The majority of people who are drinkers are not abusers and are not dependent on alcohol. They can go out several times a week and it's jut part of the social experience. The difference is if there is a problem when drinking is involved, there are other signs that show up, they might be late to work, take too much time, spend more money than they intend to, they've given up other activities and suddenly everything centers around going out. Their world becomes more narrow.
Another element that is more relevant, are the motivations for drinking. It's not what you do, but why you do it. You drink with the strong expectation that this is going to make you a better person, more sexy. That is a predictor of problems versus the number of drinks that you consume. It's not what you do, but why you do it. People need to ask themselves: am I going too far, are there consequences, what is the personal cost, why am i doing this? Going back to Fausto's original idea to keep track of drinks - why do I have 6 or 7 marks on my hand when I only intended to have 2?

How can we determine if we are being successful in our moderation? It's when you can wake up the next morning and look at yourself in the mirror - do you feel guilty about what you did? Are you really in control?
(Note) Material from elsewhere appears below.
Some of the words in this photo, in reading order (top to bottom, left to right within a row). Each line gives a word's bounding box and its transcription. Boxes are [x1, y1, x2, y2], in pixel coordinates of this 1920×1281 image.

How do we determine that the cause of the problem is alcohol?

Are the things that you do when you're drinking, things that you would do when sober. one way self-diagnose is to go for a week without a drink and if you have trouble doing that then sit down and think about why that is.....or whatever the problem is. It's not just alcohol, it could be any substance.

Is social drinking a form of addiction? There are a lot of men in their 60's who were social drinkers and performed well in their lives, but then all of a sudden they were in need of liver transplants. What do you mean by social drinking or are we trying to deny a drinking problem.
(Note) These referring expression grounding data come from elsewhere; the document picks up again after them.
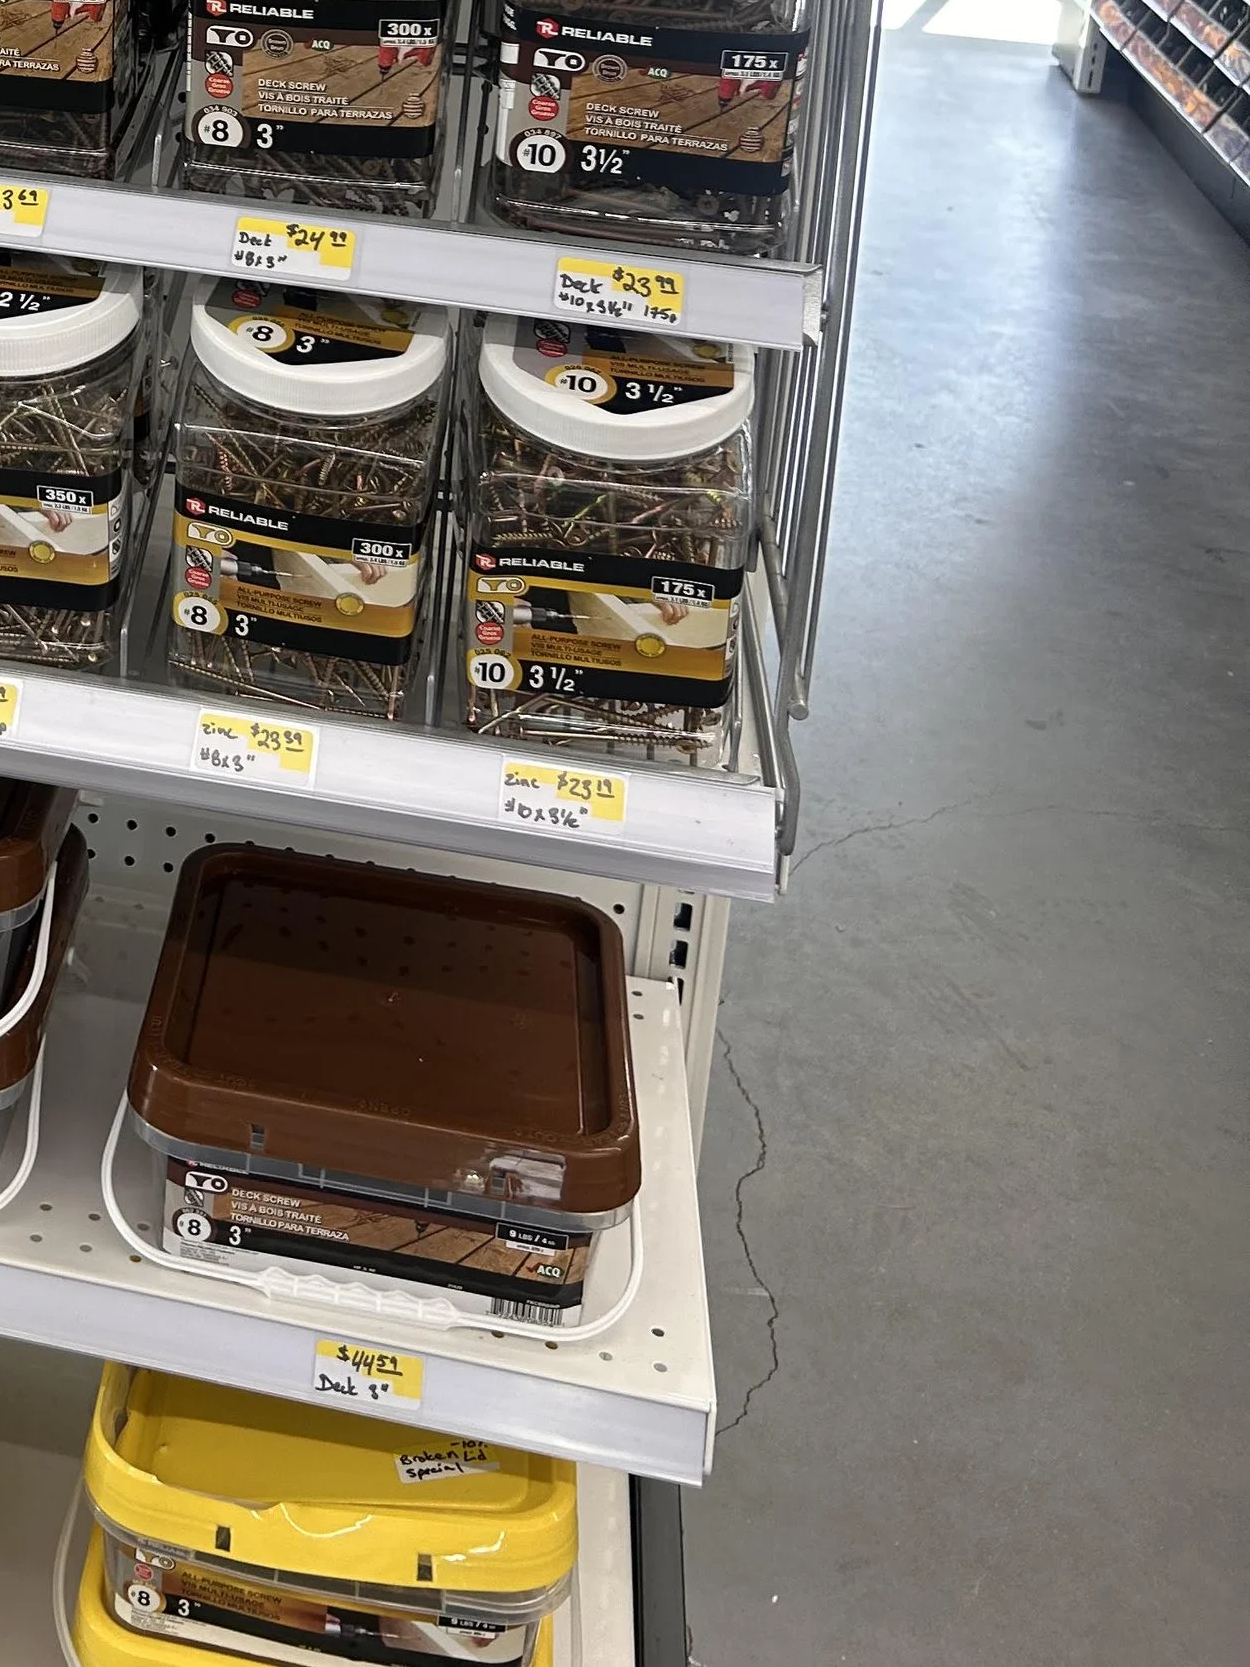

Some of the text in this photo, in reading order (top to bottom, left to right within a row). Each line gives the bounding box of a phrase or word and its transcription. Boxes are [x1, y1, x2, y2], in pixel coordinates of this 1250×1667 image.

[229, 3, 315, 20] RELIABLE
[311, 38, 332, 50] ACQ
[561, 25, 654, 48] RELIABLE
[11, 58, 61, 73] TERRAZAS
[647, 65, 669, 79] ACQ
[258, 77, 327, 93] DECK SCREW
[258, 91, 350, 106] VIS BOIS TRAITÉ
[258, 102, 393, 121] TORNILLO PARA TERRAZAS
[585, 101, 660, 120] DECK SCREW
[616, 116, 683, 135] BOIS TRAITÉ
[583, 126, 729, 153] TORNILLO PARA TERRAZAS
[560, 273, 604, 295] Deck
[208, 505, 290, 532] RELIABLE
[498, 556, 586, 573] RELIABLE
[231, 1187, 302, 1209] DECK SCREW
[230, 1199, 323, 1225] VIS BOIS TRAITÉ
[230, 1212, 351, 1242] TORNILLO PARA TERRAZA
[536, 1265, 561, 1279] ACQ
[315, 1373, 359, 1396] Deck
The "standard" for alcohol consumption is 2 drinks per day - for men - that's a standard shot, not an overpoured cocktail. For women it's even less, only one shot of alcohol per day, that works out to one glass of wine per day - the problem is, that's not much fun. People are really good at hiding that they're drunk.

A question is asked of the audience: How many people stop at 2 drinks? About 5 out of a hundred raise their hands.

The problem is really denial, we have our emphasis on some very serious drugs - like Crystal Meth. Everyone sees Crystal as the boogey man and they just tell themselves "Well, I'm only drinking, I'm not doing cocaine or crack, I'm just having a few drinks, what's the problem?" It's a form of denial. We seek out things to put the blame on, but we've accepted things in our life as "normal" and we blind ourselves from the real problems. In all honesty, the Crystal Meth issue is not a huge percentage of the GLBT Community, but almost all gay men drink. So alcohol is not seen as a problem because everyone uses it, but meth is a problem because so few people and the effects are so visible.

Why are we having this conversation in a bar?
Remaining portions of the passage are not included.